_INSTRUCTIONS FOR THE TASK:_ The expected result is the full listing, retyped exactly, without a single picture.

_THE DATA:_
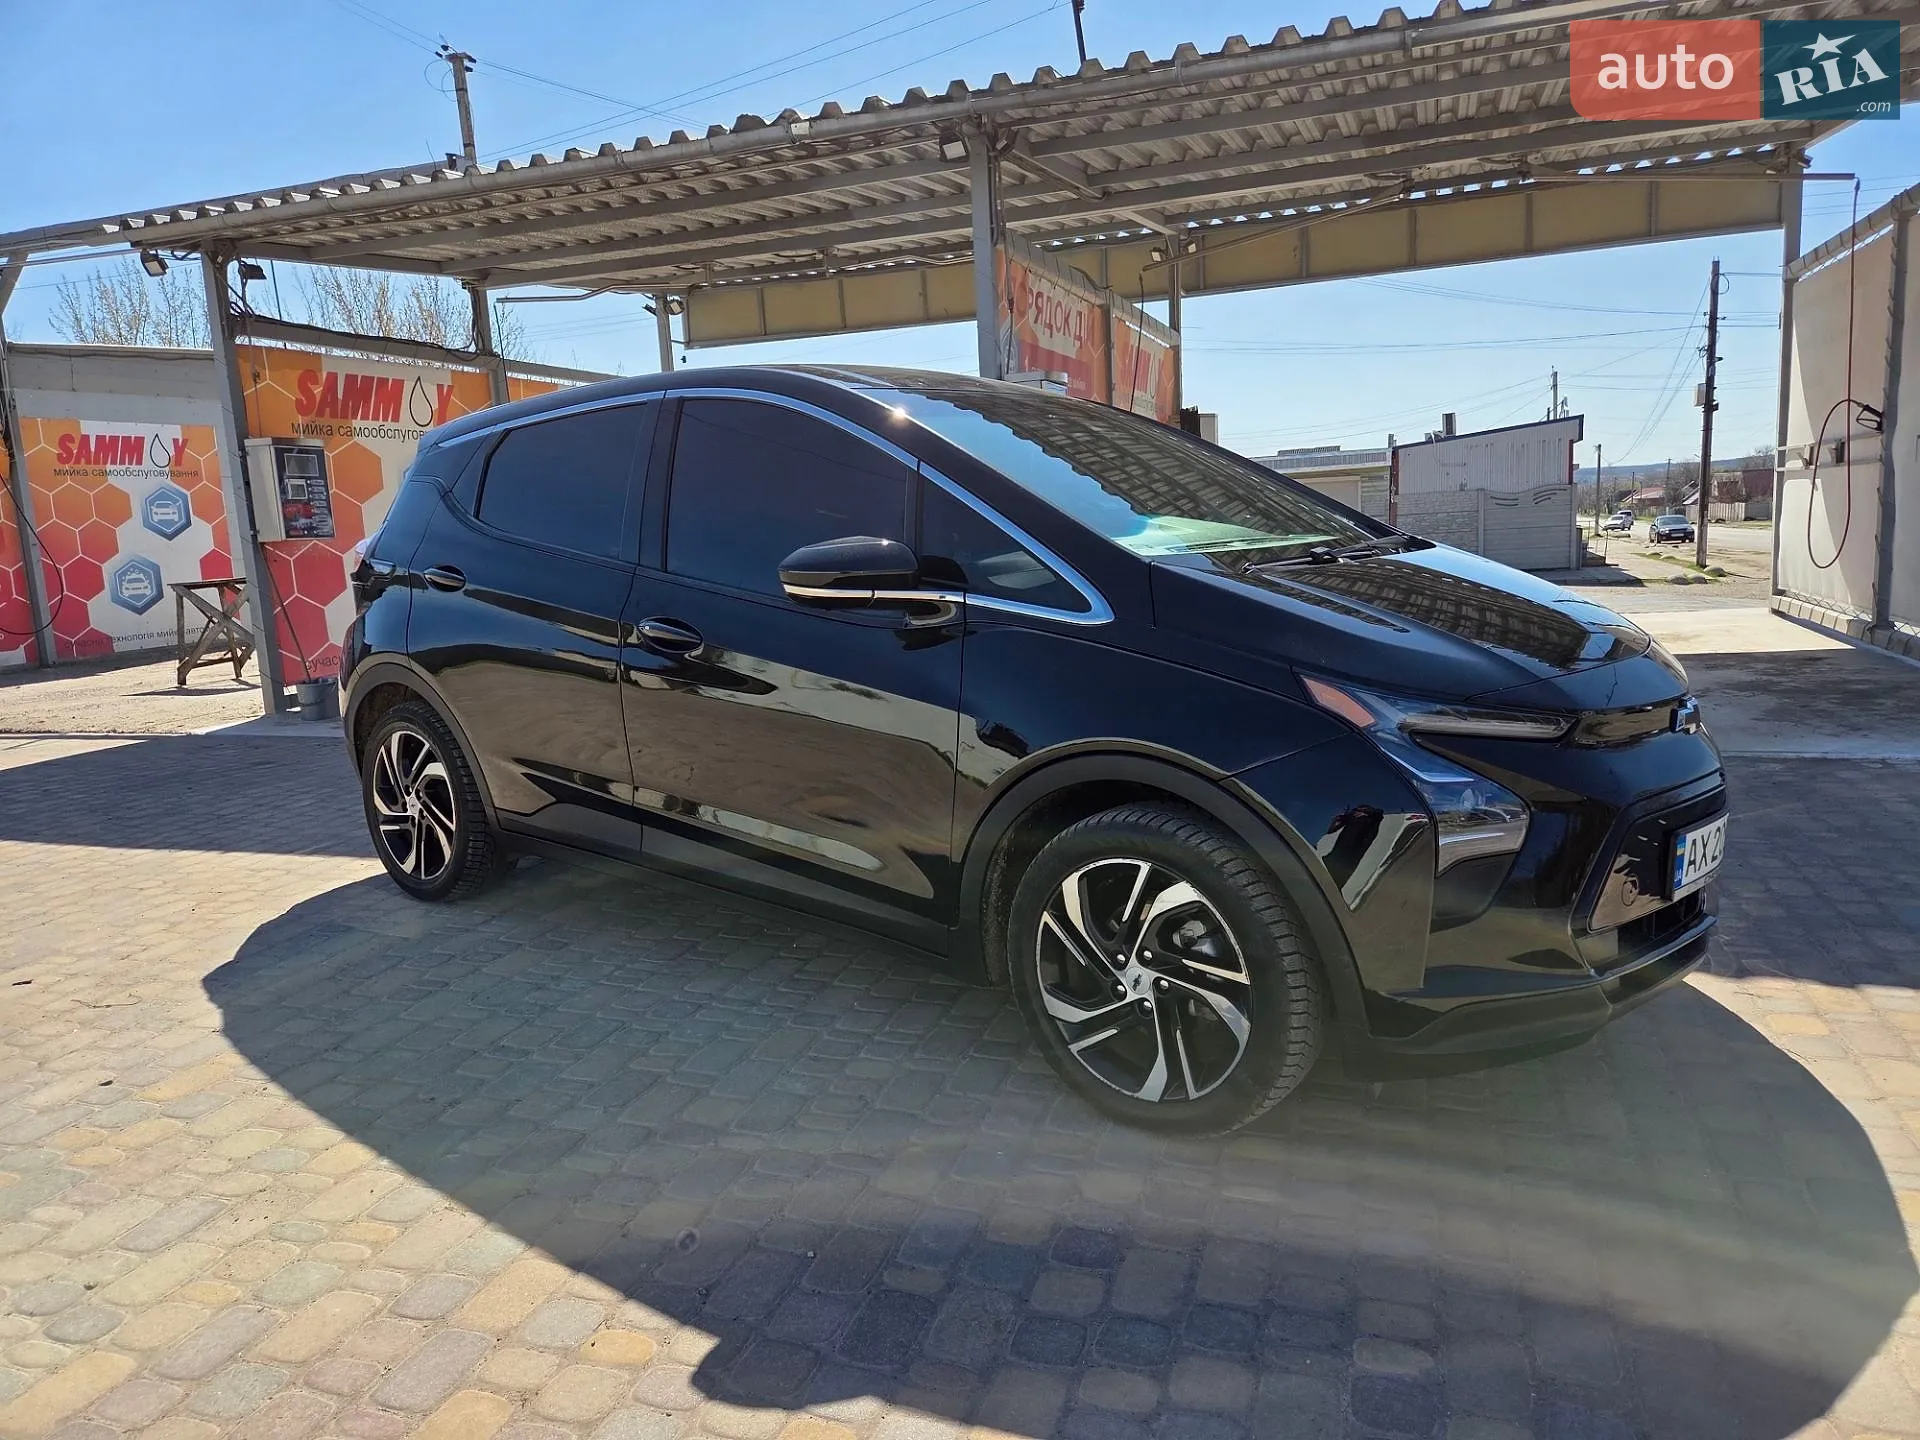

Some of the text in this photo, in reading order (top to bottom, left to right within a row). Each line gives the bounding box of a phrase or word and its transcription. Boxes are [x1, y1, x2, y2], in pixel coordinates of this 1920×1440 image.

[291, 420, 427, 443] мийка самообслугов
[53, 465, 199, 479] мийка самообслуговування
[306, 655, 341, 672] сучас
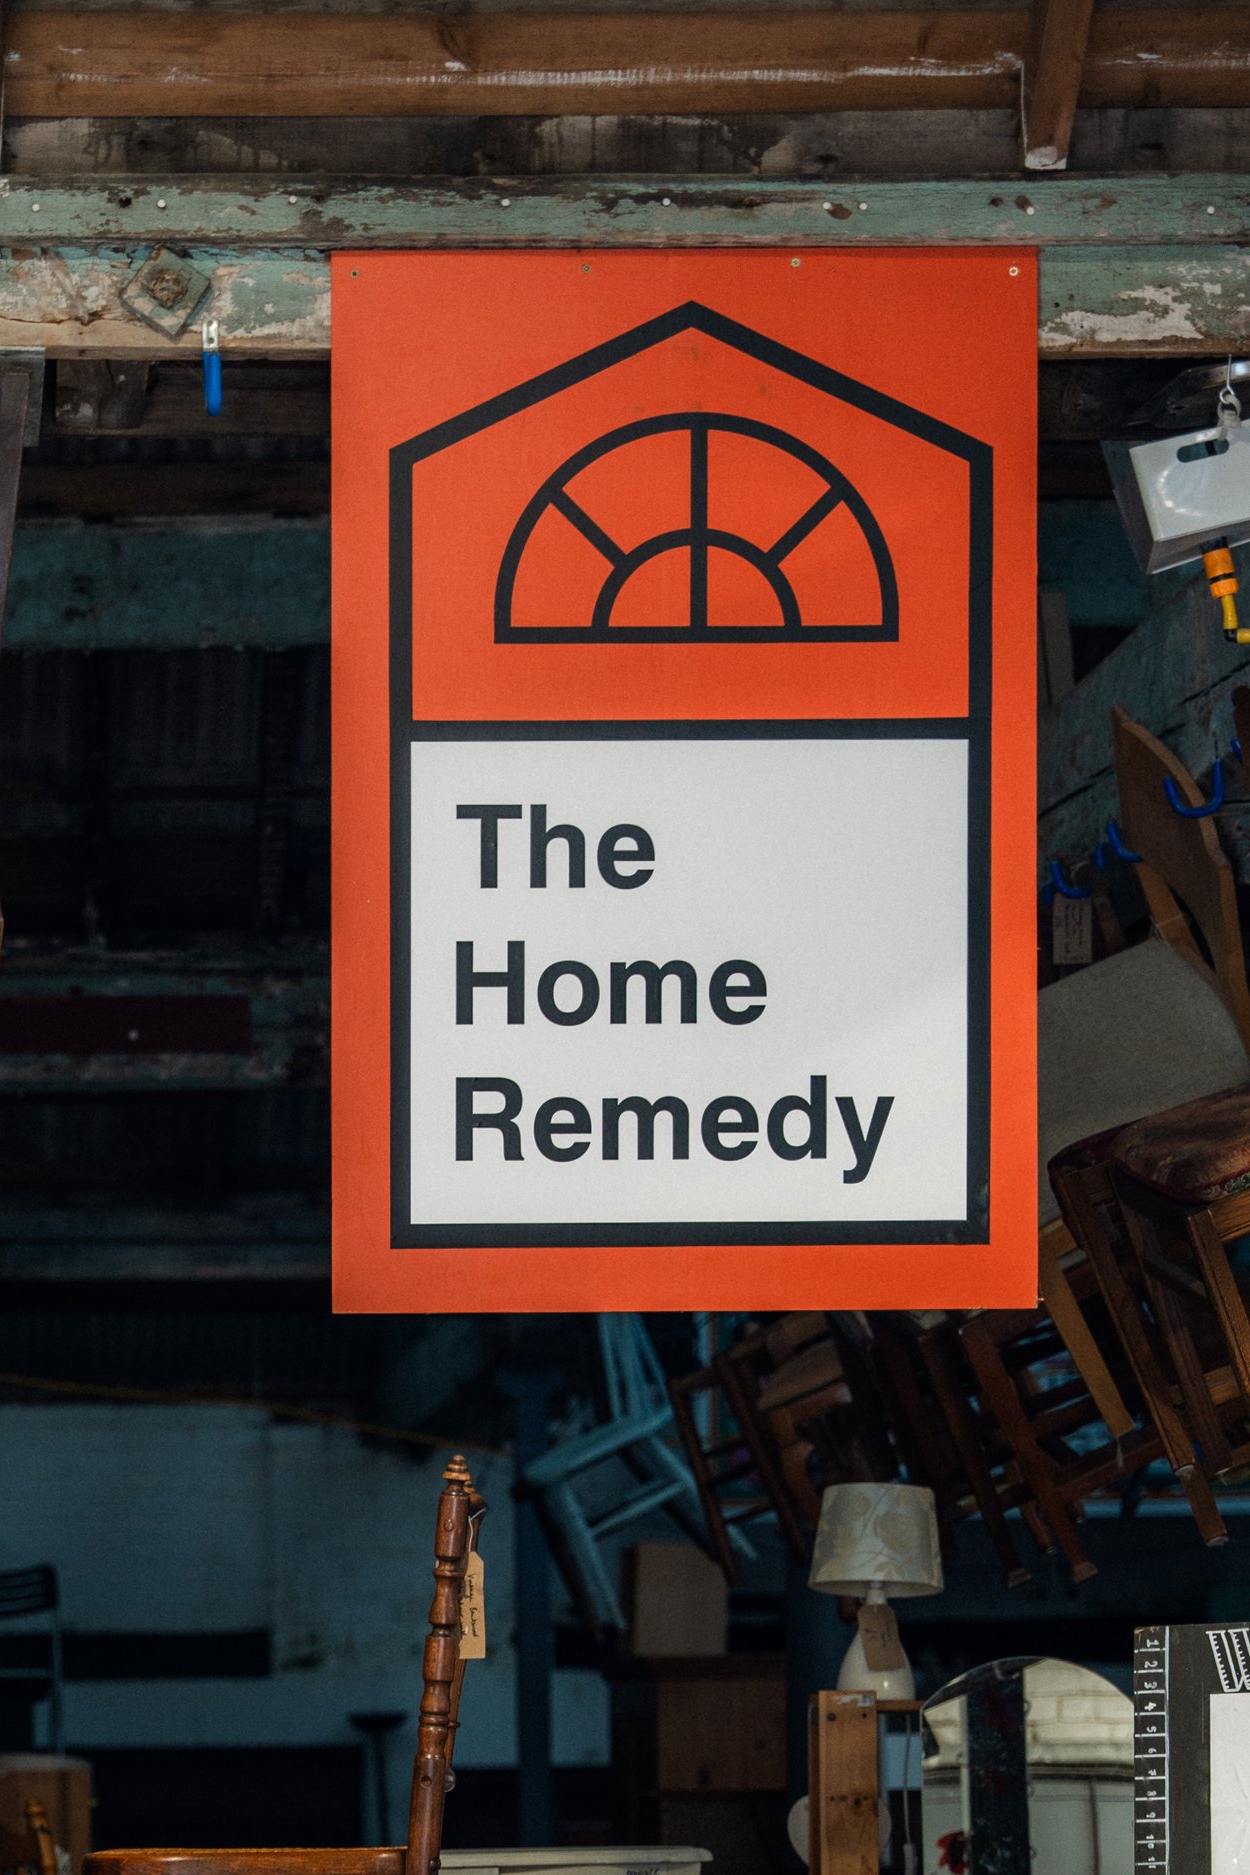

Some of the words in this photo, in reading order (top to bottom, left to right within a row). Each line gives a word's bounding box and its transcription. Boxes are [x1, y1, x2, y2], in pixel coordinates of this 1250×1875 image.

[455, 804, 655, 889] The
[455, 940, 768, 1027] Home
[455, 1074, 895, 1185] Remedy
[1146, 1638, 1159, 1647] 1
[1144, 1660, 1158, 1668] 2
[1144, 1701, 1156, 1711] 4
[1145, 1834, 1154, 1848] 10
[1147, 1856, 1156, 1868] 11

_SOLUTION FOR THIS EXERCISE:_
Some of the text in this photo, in reading order (top to bottom, left to right within a row). Each line gives the bounding box of a phrase or word and its transcription. Boxes are [x1, y1, x2, y2], in pixel coordinates of this 1920×1440 image.

[291, 420, 427, 443] мийка самообслугов
[53, 465, 199, 479] мийка самообслуговування
[306, 655, 341, 672] сучас

Some of the words in this photo, in reading order (top to bottom, left to right within a row). Each line gives a word's bounding box and its transcription. Boxes are [x1, y1, x2, y2], in pixel coordinates of this 1250×1875 image.

[455, 804, 655, 889] The
[455, 940, 768, 1027] Home
[455, 1074, 895, 1185] Remedy
[1146, 1638, 1159, 1647] 1
[1144, 1660, 1158, 1668] 2
[1144, 1701, 1156, 1711] 4
[1145, 1834, 1154, 1848] 10
[1147, 1856, 1156, 1868] 11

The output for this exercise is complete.